Atlas Shrugged Study Guide

A huge sweeping novel, which has never been out of print since its publication, Atlas Shrugged has become a part of the national dialogue about personal freedom, economic policy, and political philosophy in America. There have been several prominent business leaders who have called her work personally influential, the most famous among them the former Chairman of the Federal Reserve Alan Greenspan. The working title of the novel was "The Strike", and the overall plot of the novel is about a group of people who plan to stop the economic motor of the world in order to halt the collectivist policies of corrupt governments.

The novel was written as a direct answer to Rand's previous best-selling novel The Fountainhead. In it is a complete explanation of Rand's philosophy and the reasons underpinning it. It was the last novel she wrote; after 1957 Rand only wrote non-fiction. It is about the triumph of individualism, with a rational self-interest at the core of everything a human being should accomplish. In her journals she wrote of this book that its theme was to be "What happens to the world when the Prime Movers go on strike" (Rand ix).
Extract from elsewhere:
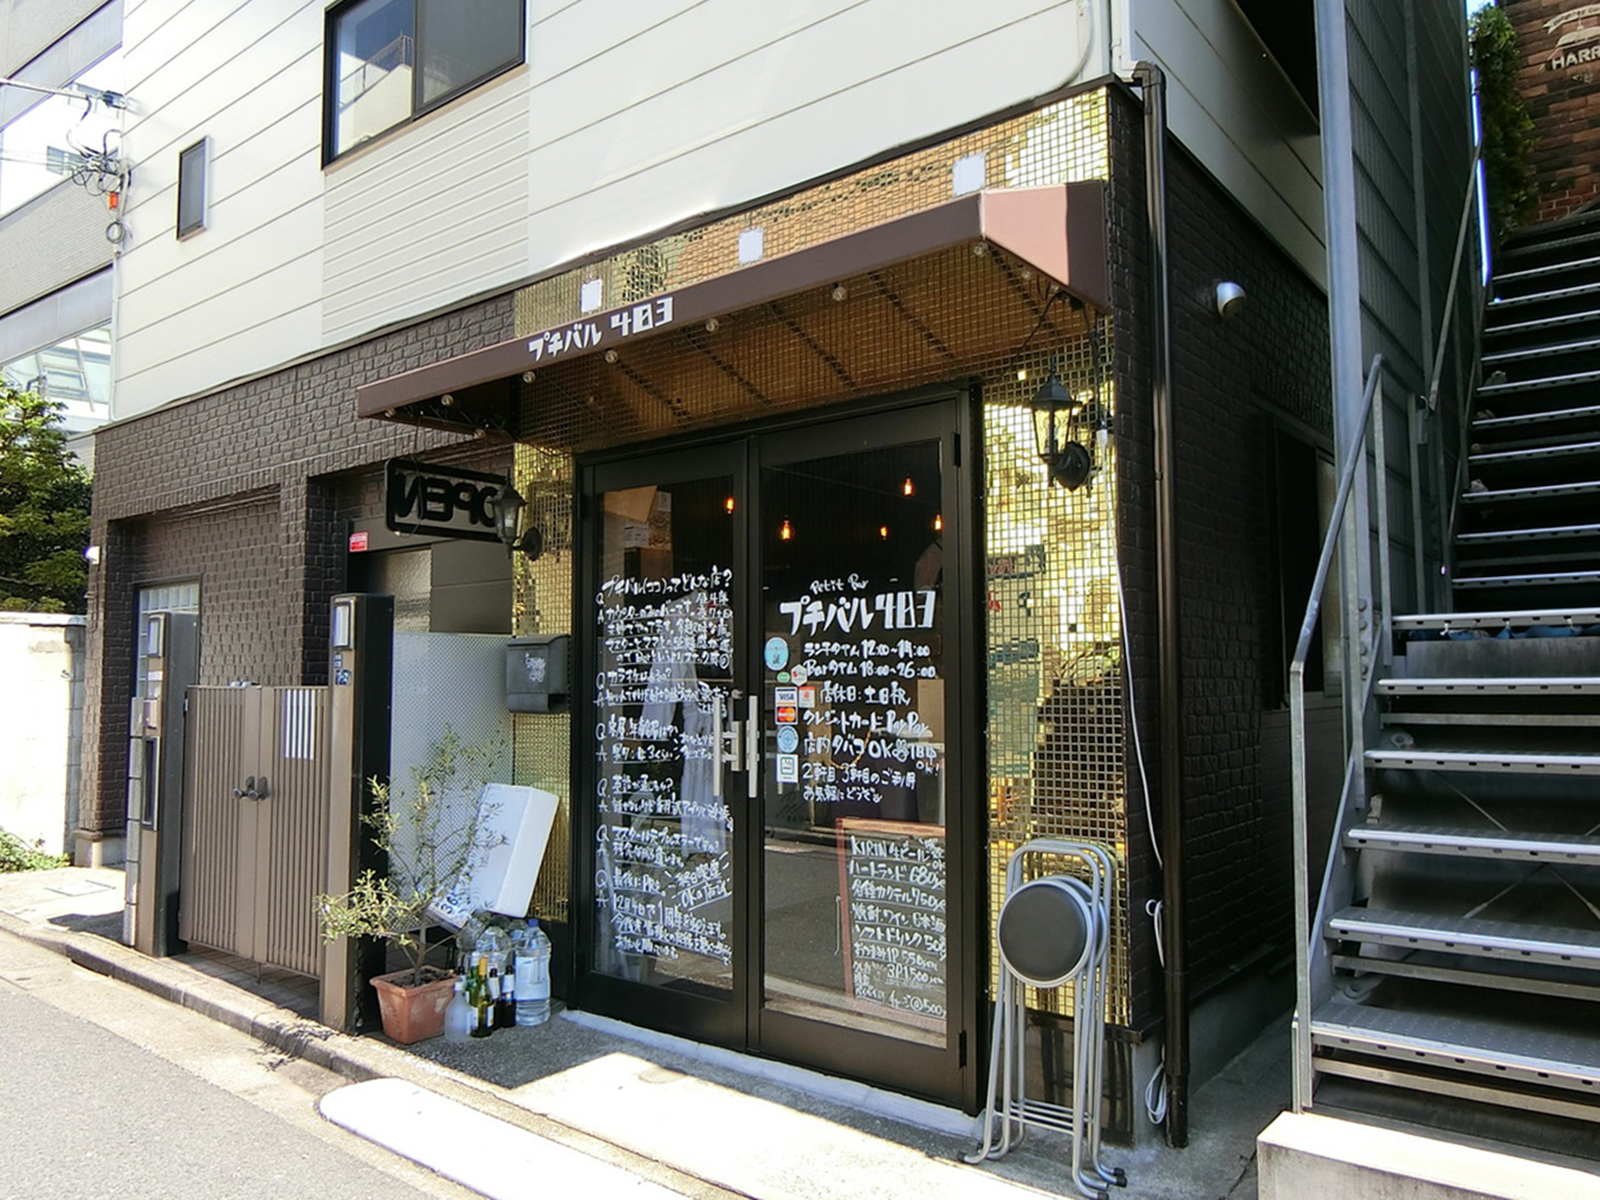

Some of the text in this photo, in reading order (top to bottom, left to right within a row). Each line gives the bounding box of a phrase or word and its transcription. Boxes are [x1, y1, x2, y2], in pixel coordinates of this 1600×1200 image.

[529, 297, 673, 361] プチバル 403
[804, 641, 860, 657] ランチタイム
[778, 693, 795, 701] VISA
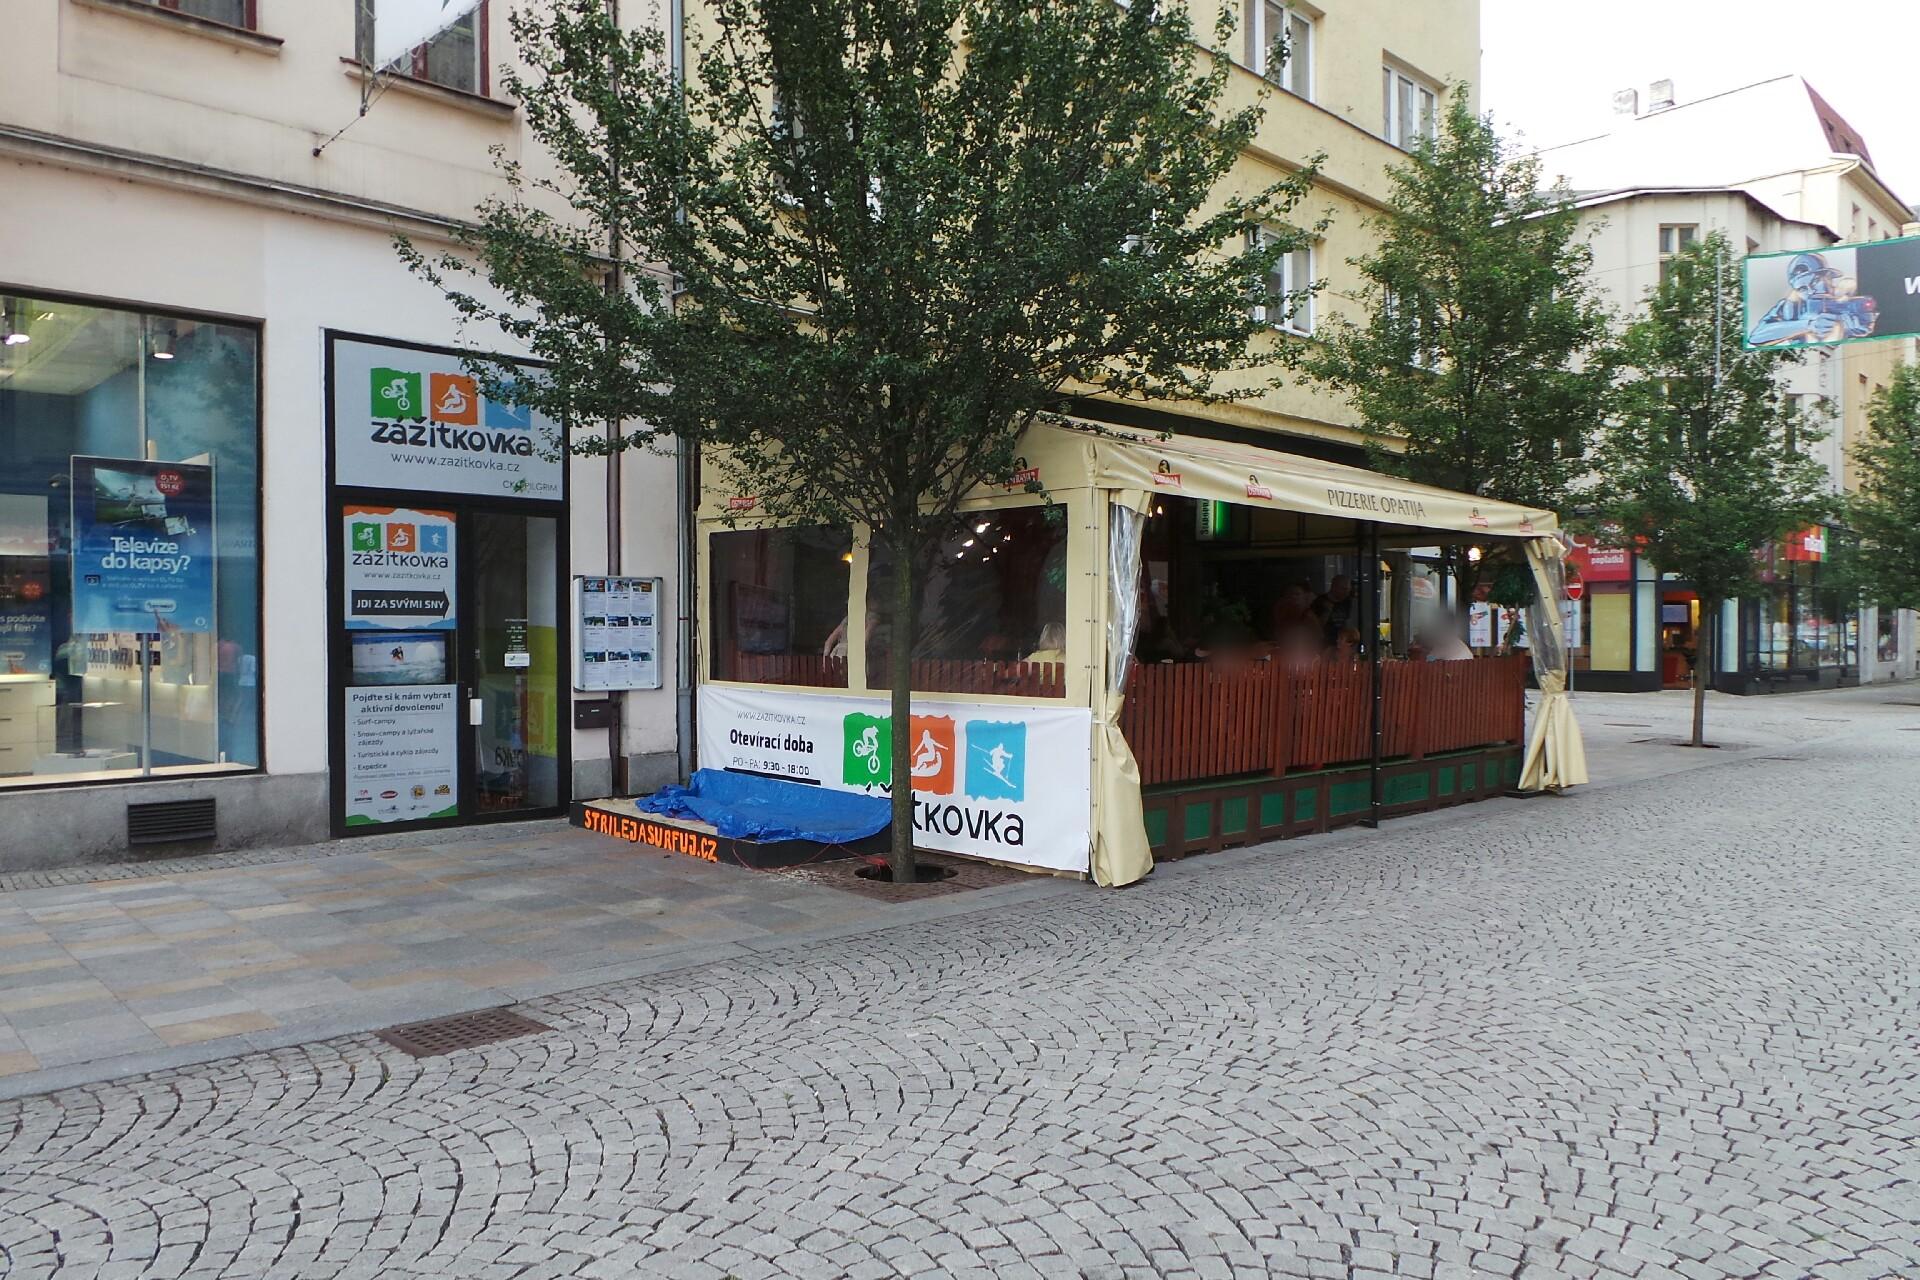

By creating a world in which certain people band together to stop the world's motor, and take away the most important products of the human mind, the true pillars of society, Rand believed, could be revealed. And these were not religion or mysticism, but rather that freedom of individuals to create the products of their own mind creates the most just and prosperous society on earth. All other societal systems, Rand argues, especially those with tenets of self-sacrifice at their core, are not life-affirming, but rather create cultures of unreasonableness and death.

The story is that of a man, John Galt, who decides to drop of out productive society as a physicist and work for years, with the aid of his friends, to remove the important means of production from the world. He does this because he sees the government sliding toward collectivist principles, and, Galt feels, the only way to stop it is to stop the motor of the world. He is helped by the richest copper heir in the world, Francisco d'Anconia, and a philosopher-turned-pirate, Ragnar Danneskjold. He meets and falls in love with the Operating Vice-President of a transcontinental railway, whom he has a hard time convincing to drop out of the outside world to join his "strike". She is sympathetic to his cause,but she is not ready to leave her family business. Galt and his friends create a secret world in a hidden valley in Colorado, awaiting the day that the looter government will fail. When it finally nears collapse Galt addresses the nation with his manifesto of individualism and the virtues of selfishness.

The novel was an instant success, sparking debate in all corners of the intellectual world when it appeared on the scene in 1957. A polemicist who could be vitriolic in her attacks on other philosophers, Ayn Rand created as much interest in her book as the contents of it. It has been casually attacked by most major philosophical schools of thought -- although it has often been ignored because the philosophy contained in it is presented by a non-academic in a novel form, rather than in discursive prose. Still, Atlas Shrugged presents perhaps one of the most widespread popular systems of philosophy in America today, continuing to spark debate after fifty years in print.